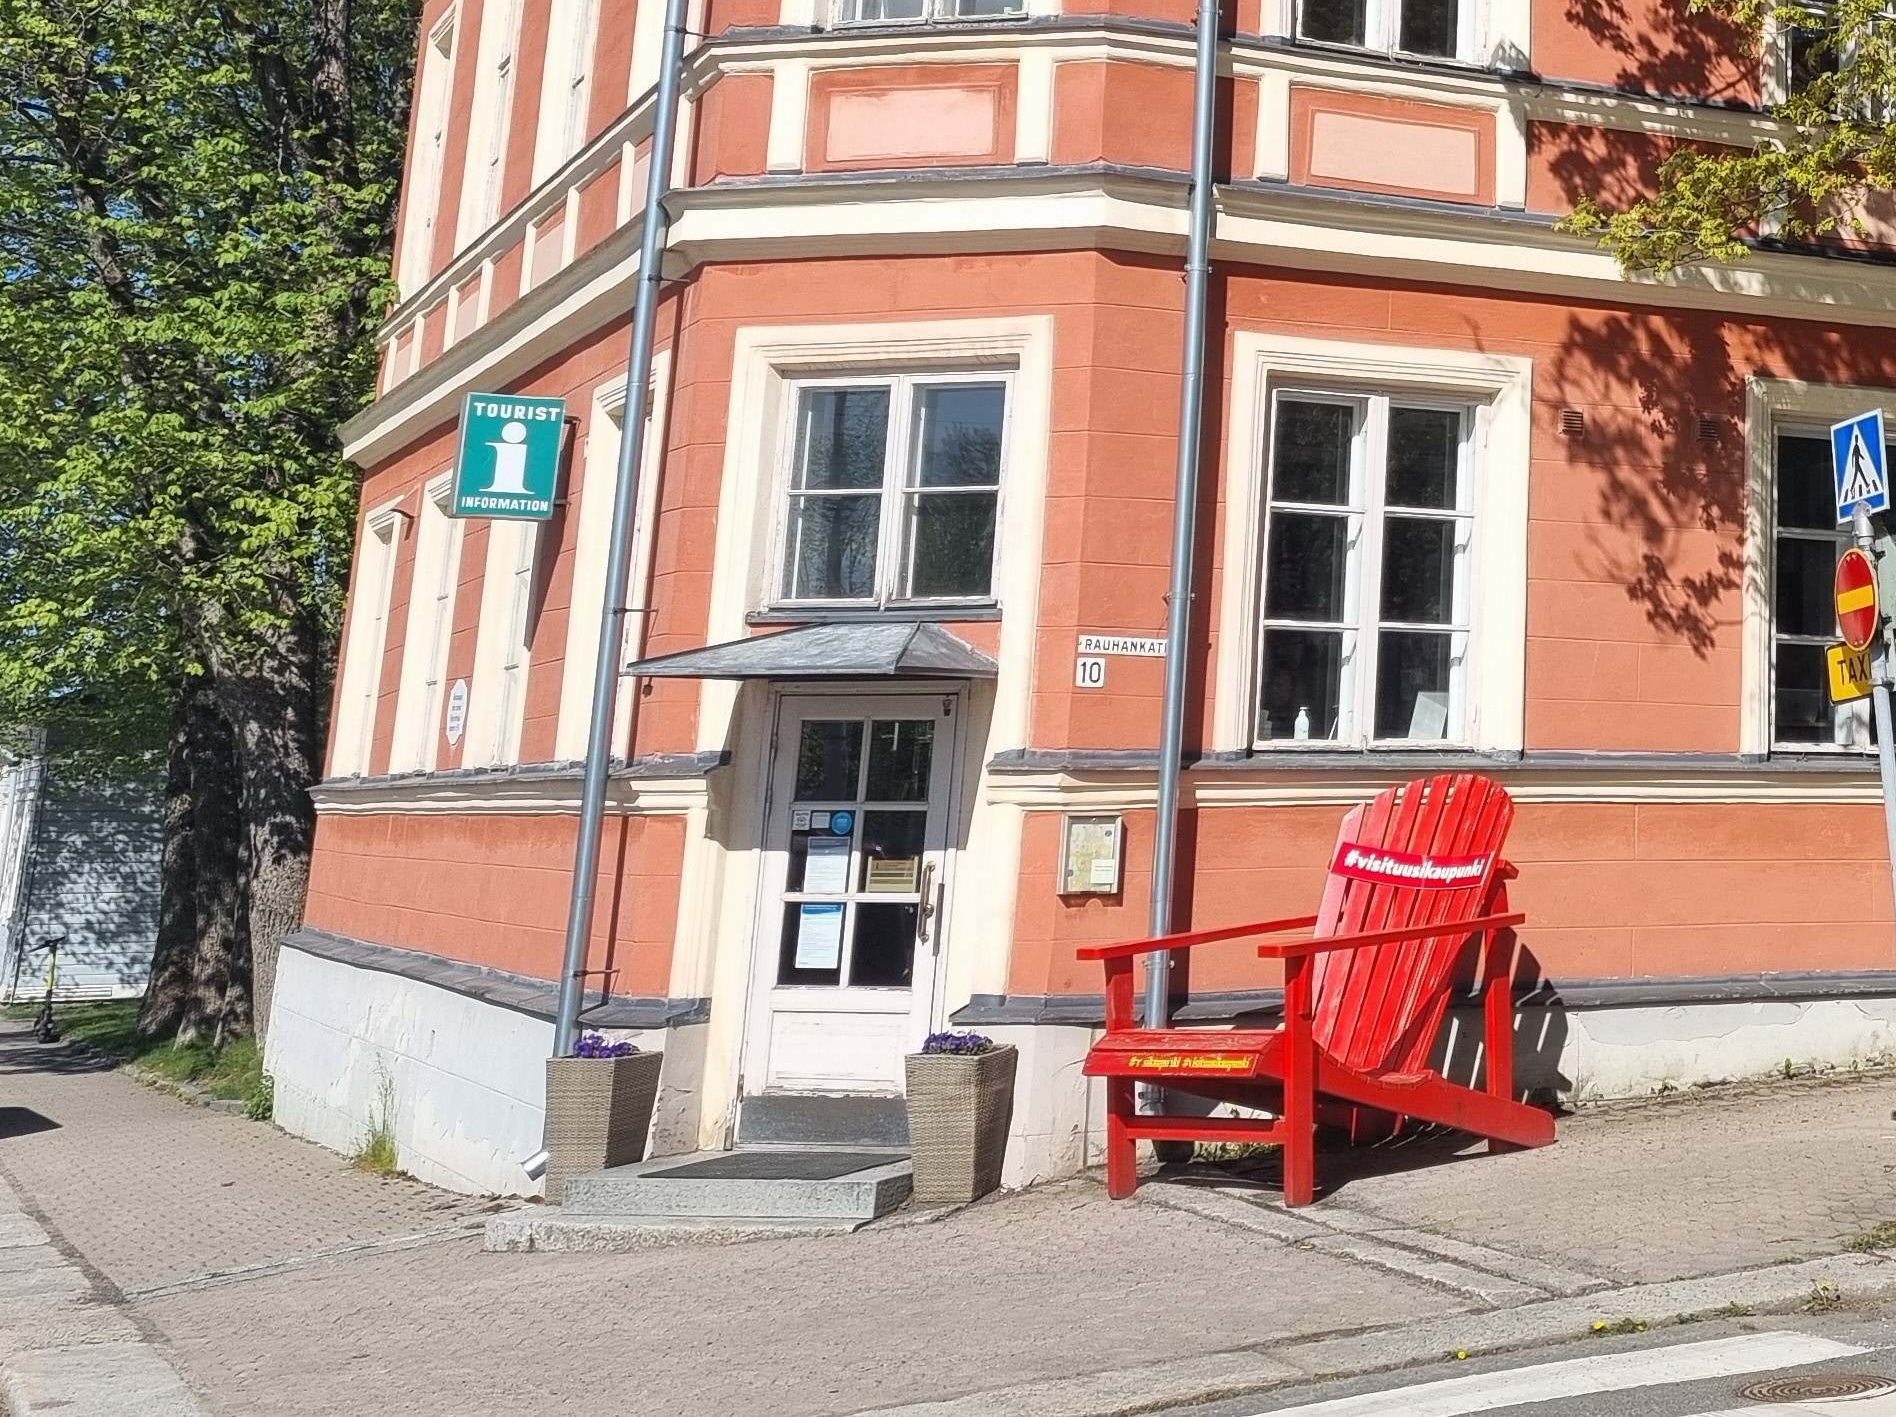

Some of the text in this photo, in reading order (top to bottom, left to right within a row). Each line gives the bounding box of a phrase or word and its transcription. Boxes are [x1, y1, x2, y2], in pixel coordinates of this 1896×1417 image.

[473, 402, 561, 422] TOURIST
[461, 496, 549, 512] INFORMATION
[1080, 661, 1102, 684] 10
[1837, 653, 1872, 687] TAXI
[1343, 848, 1485, 884] #visituusikaupunki
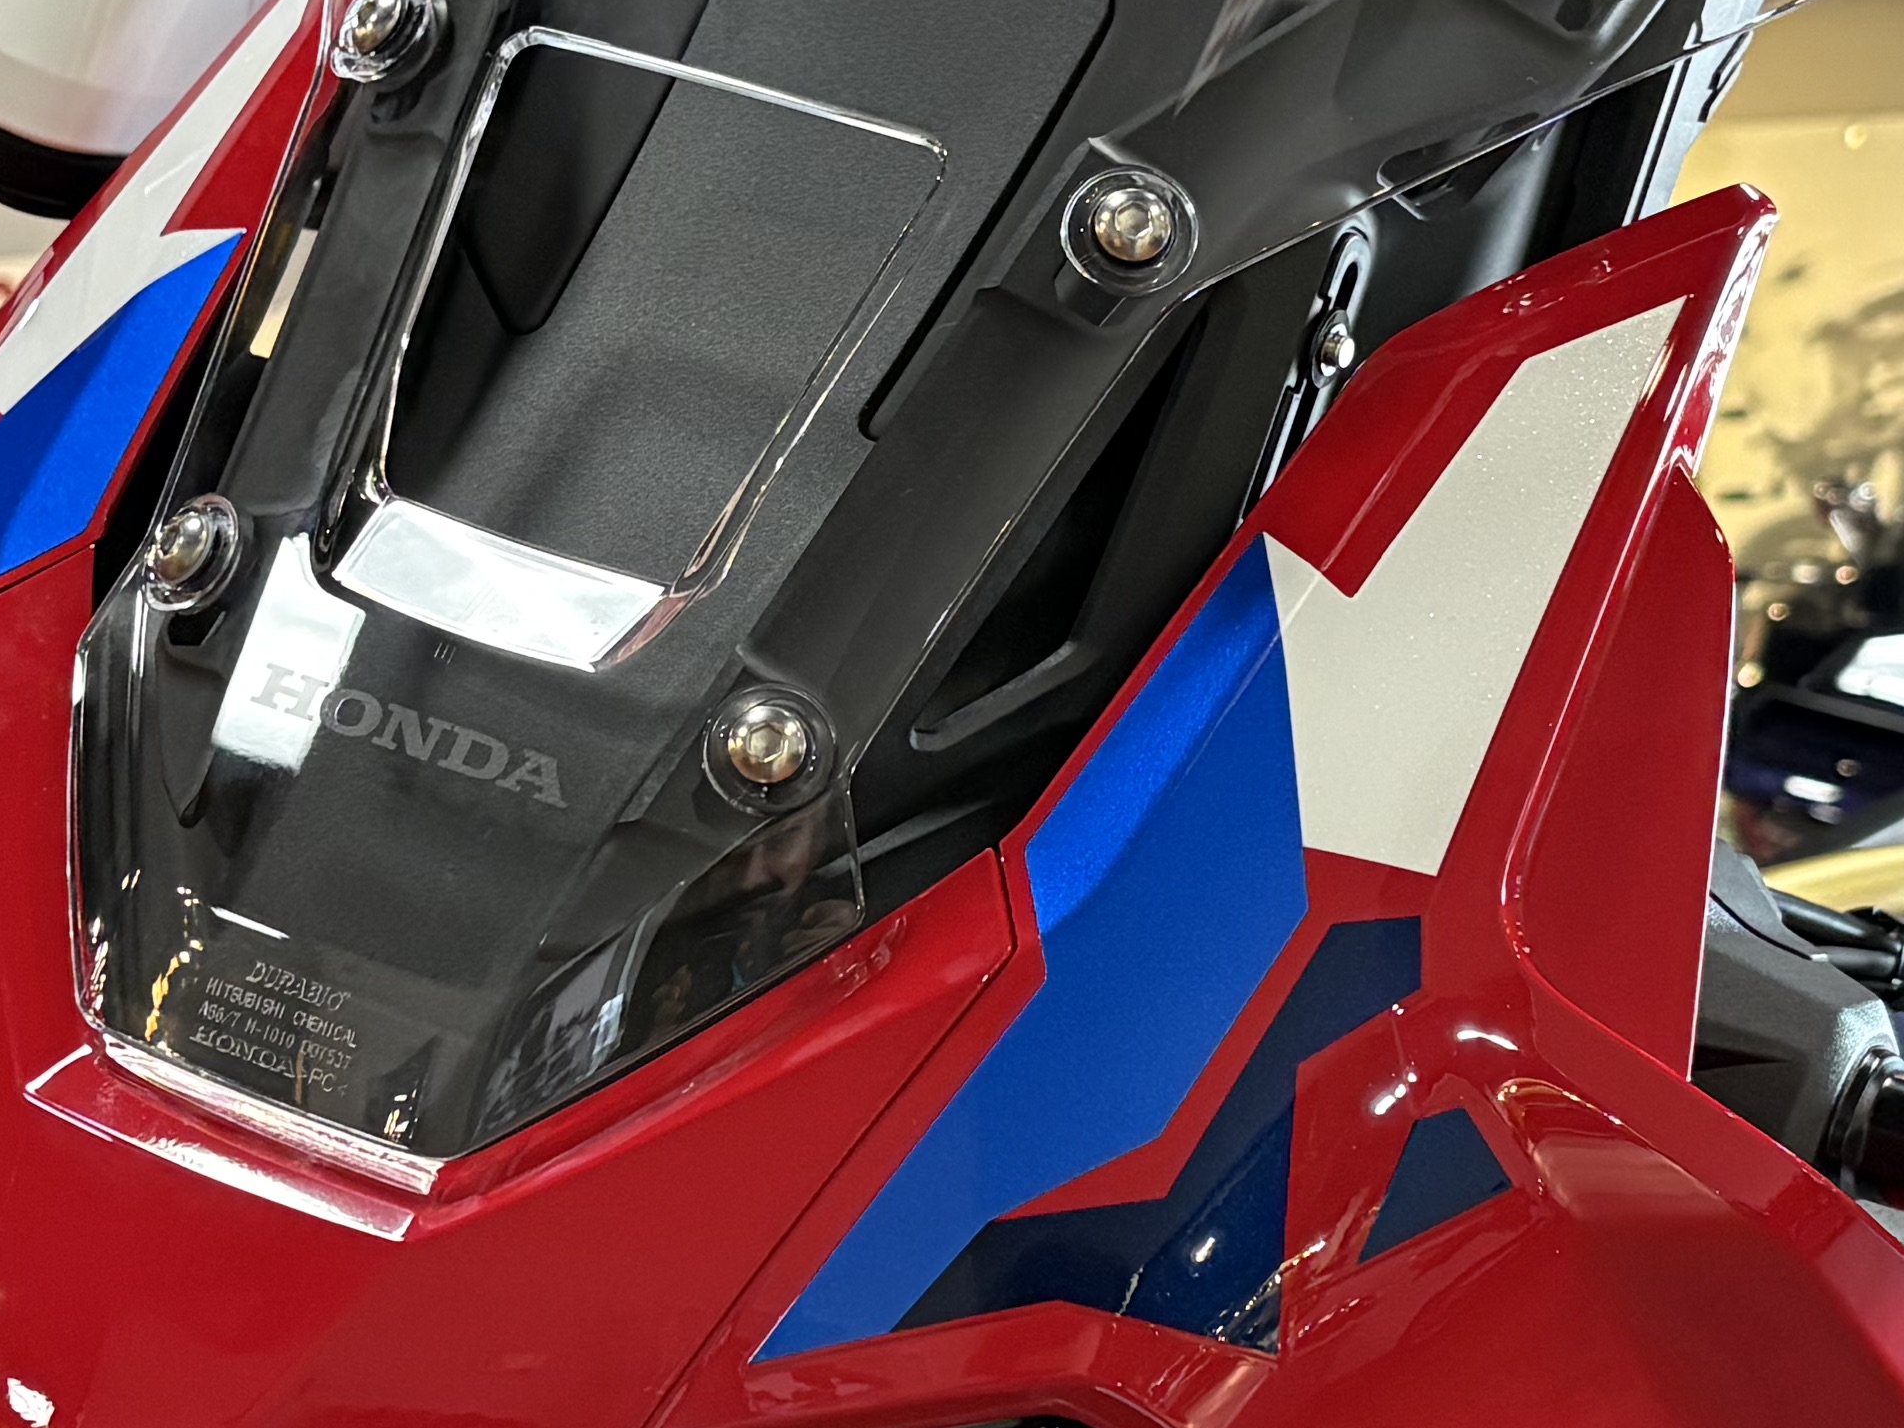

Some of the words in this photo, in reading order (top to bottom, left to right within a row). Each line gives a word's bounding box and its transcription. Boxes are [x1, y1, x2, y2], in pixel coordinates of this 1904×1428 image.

[249, 662, 569, 809] HONDA
[188, 1024, 296, 1079] HONDA
[292, 1009, 358, 1049] CHEMICAL
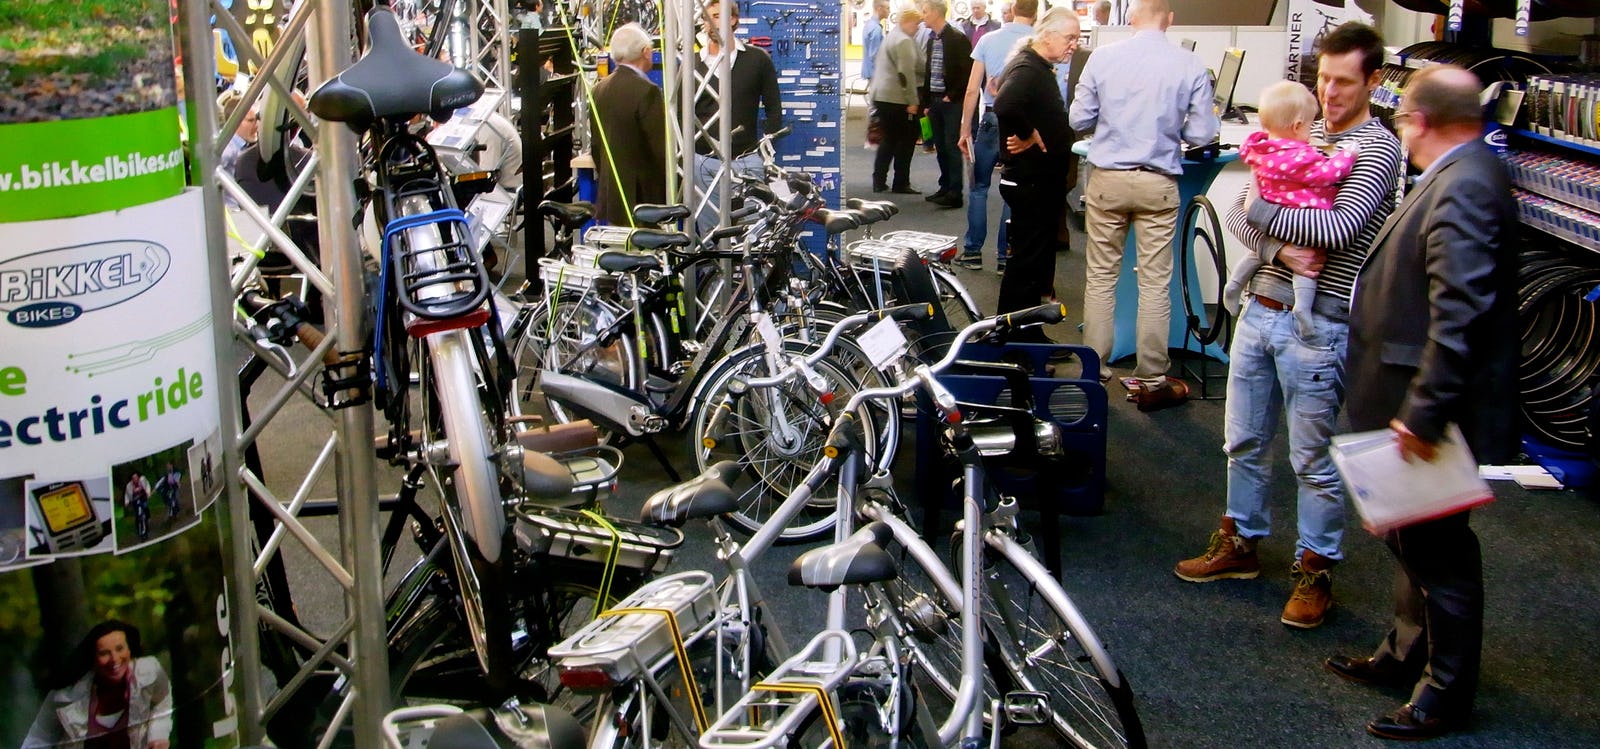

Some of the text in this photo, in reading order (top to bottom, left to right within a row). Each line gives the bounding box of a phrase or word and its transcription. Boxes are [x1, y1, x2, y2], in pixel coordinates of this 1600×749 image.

[1287, 12, 1303, 82] PARTNER
[15, 306, 75, 324] BIKES
[137, 367, 204, 422] ride

^^^^^^^^

• PROBLEM TO SOLVE:
Set down the records again exactly as they appear, leaving each picture behind.

• EXERCISE OUTPUT:
Some of the text in this photo, in reading order (top to bottom, left to right within a row). Each line gives the bounding box of a phrase or word and its transcription. Boxes are [x1, y1, x2, y2], in pixel coordinates of this 1896×1417 image.

[473, 402, 561, 422] TOURIST
[461, 496, 549, 512] INFORMATION
[1080, 661, 1102, 684] 10
[1837, 653, 1872, 687] TAXI
[1343, 848, 1485, 884] #visituusikaupunki

Some of the words in this photo, in reading order (top to bottom, left to right within a row). Each line gives a word's bounding box and its transcription. Boxes are [x1, y1, x2, y2], in pixel coordinates of this 1904×1428 image.

[249, 662, 569, 809] HONDA
[188, 1024, 296, 1079] HONDA
[292, 1009, 358, 1049] CHEMICAL

Some of the text in this photo, in reading order (top to bottom, left to right within a row). Each line gives the bounding box of a phrase or word and its transcription. Boxes are [x1, y1, x2, y2], in pixel coordinates of this 1600×749 image.

[1287, 12, 1303, 82] PARTNER
[15, 306, 75, 324] BIKES
[137, 367, 204, 422] ride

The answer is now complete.